§ **Exercise brief**
Give again, exactly, every line of the entries below from the one that has "this 1280×1707 image." to the last.

(Data items)
● ● ● ● ● ● ●

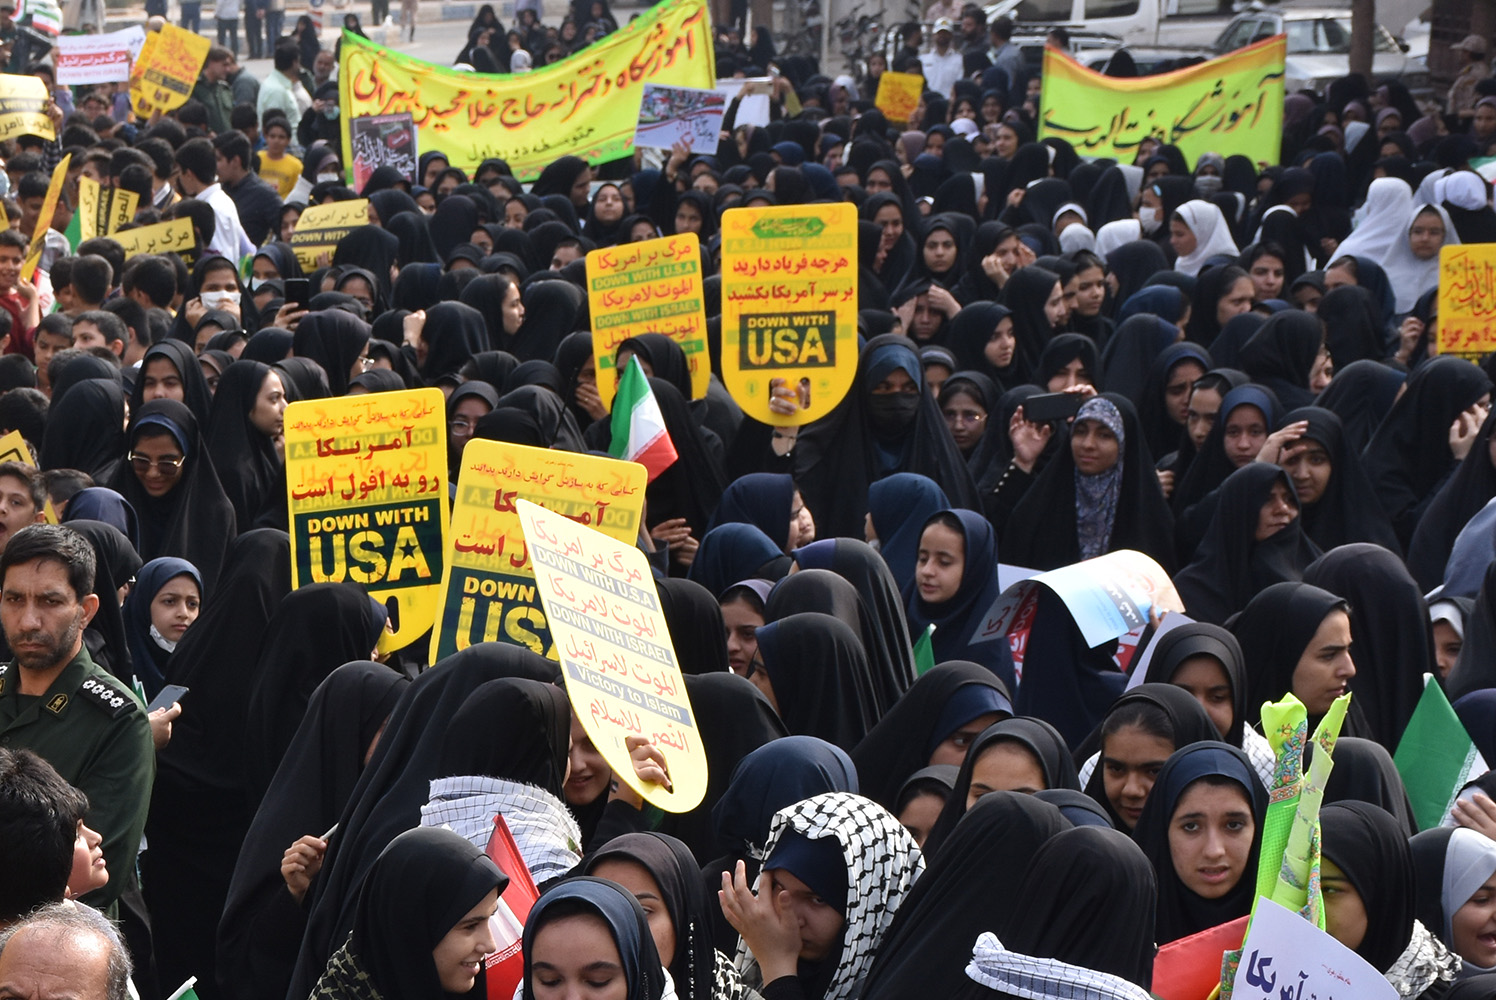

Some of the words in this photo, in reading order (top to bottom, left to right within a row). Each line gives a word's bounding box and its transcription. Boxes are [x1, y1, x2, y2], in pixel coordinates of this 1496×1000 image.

[598, 248, 641, 272] امریکا
[645, 250, 658, 266] بر
[662, 240, 691, 261] مرگ
[733, 257, 771, 277] دارید
[773, 254, 807, 276] فریاد
[810, 255, 848, 274] هرچه
[654, 278, 693, 300] الموت
[728, 288, 770, 305] بکشید
[772, 282, 816, 304] آمریکا
[821, 288, 838, 302] سر
[841, 284, 854, 301] بر
[597, 314, 630, 327] DOWN
[632, 309, 659, 322] WITH
[660, 301, 699, 316] ISRAEL
[747, 316, 789, 329] DOWN
[792, 315, 829, 327] WITH
[747, 328, 828, 365] USA
[413, 407, 435, 419] کسانی
[316, 425, 415, 460] آمریکا
[292, 476, 334, 501] است
[341, 470, 385, 501] افول
[392, 473, 410, 494] به
[417, 474, 440, 494] رو
[611, 486, 638, 496] کسانی
[308, 513, 370, 534] DOWN
[375, 506, 430, 526] WITH
[309, 525, 432, 584] USA
[455, 534, 505, 557] است
[591, 553, 607, 573] بر
[464, 576, 536, 603] DOWN
[575, 664, 625, 697] Victory
[627, 687, 642, 704] to
[645, 693, 683, 721] Islam
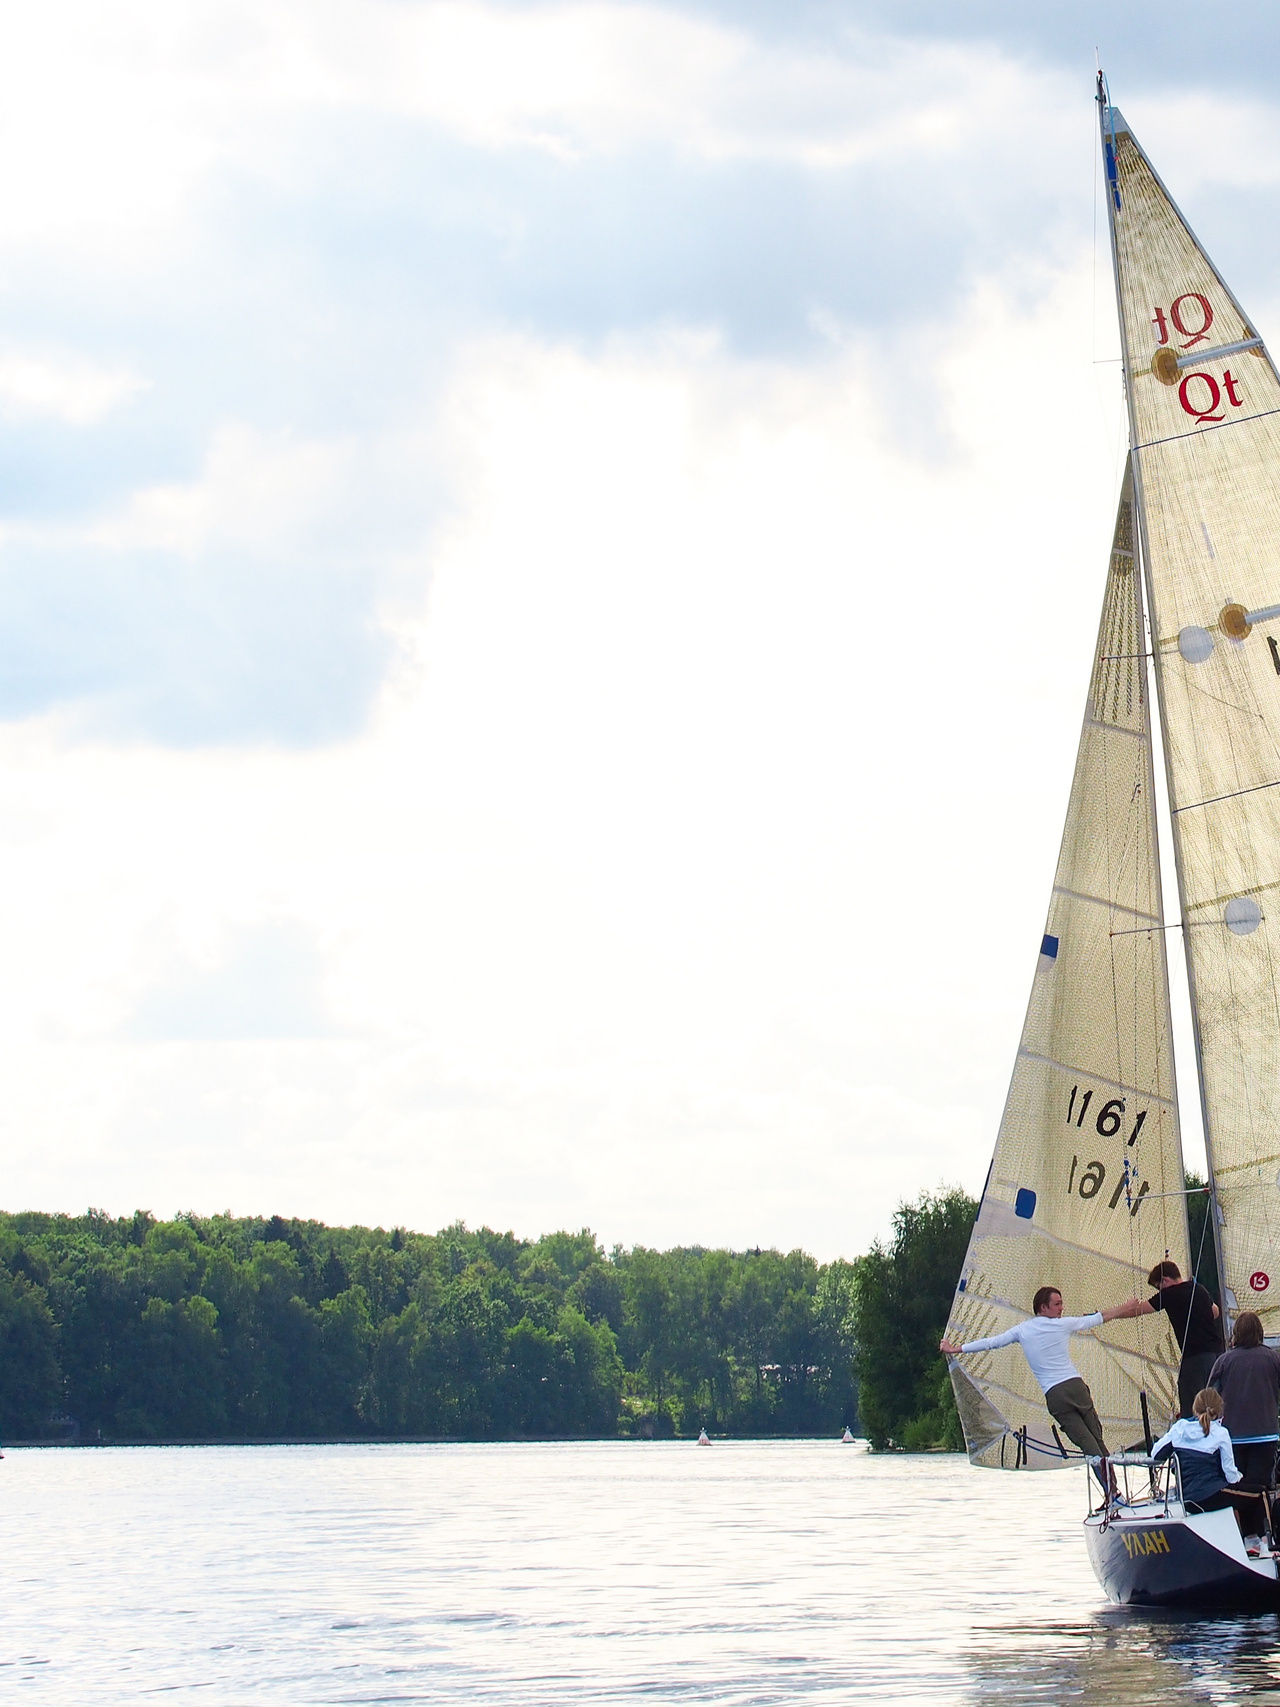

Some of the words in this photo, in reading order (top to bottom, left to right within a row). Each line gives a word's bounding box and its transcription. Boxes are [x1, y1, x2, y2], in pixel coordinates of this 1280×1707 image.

[1178, 370, 1243, 425] Qt
[1066, 1085, 1147, 1147] 1161
[1120, 1530, 1170, 1560] УЛАН

● ● ● ● ● ● ●

§ **Your response**
Some of the words in this photo, in reading order (top to bottom, left to right within a row). Each line gives a word's bounding box and its transcription. Boxes are [x1, y1, x2, y2], in pixel coordinates of this 1280×1707 image.

[1178, 370, 1243, 425] Qt
[1066, 1085, 1147, 1147] 1161
[1120, 1530, 1170, 1560] УЛАН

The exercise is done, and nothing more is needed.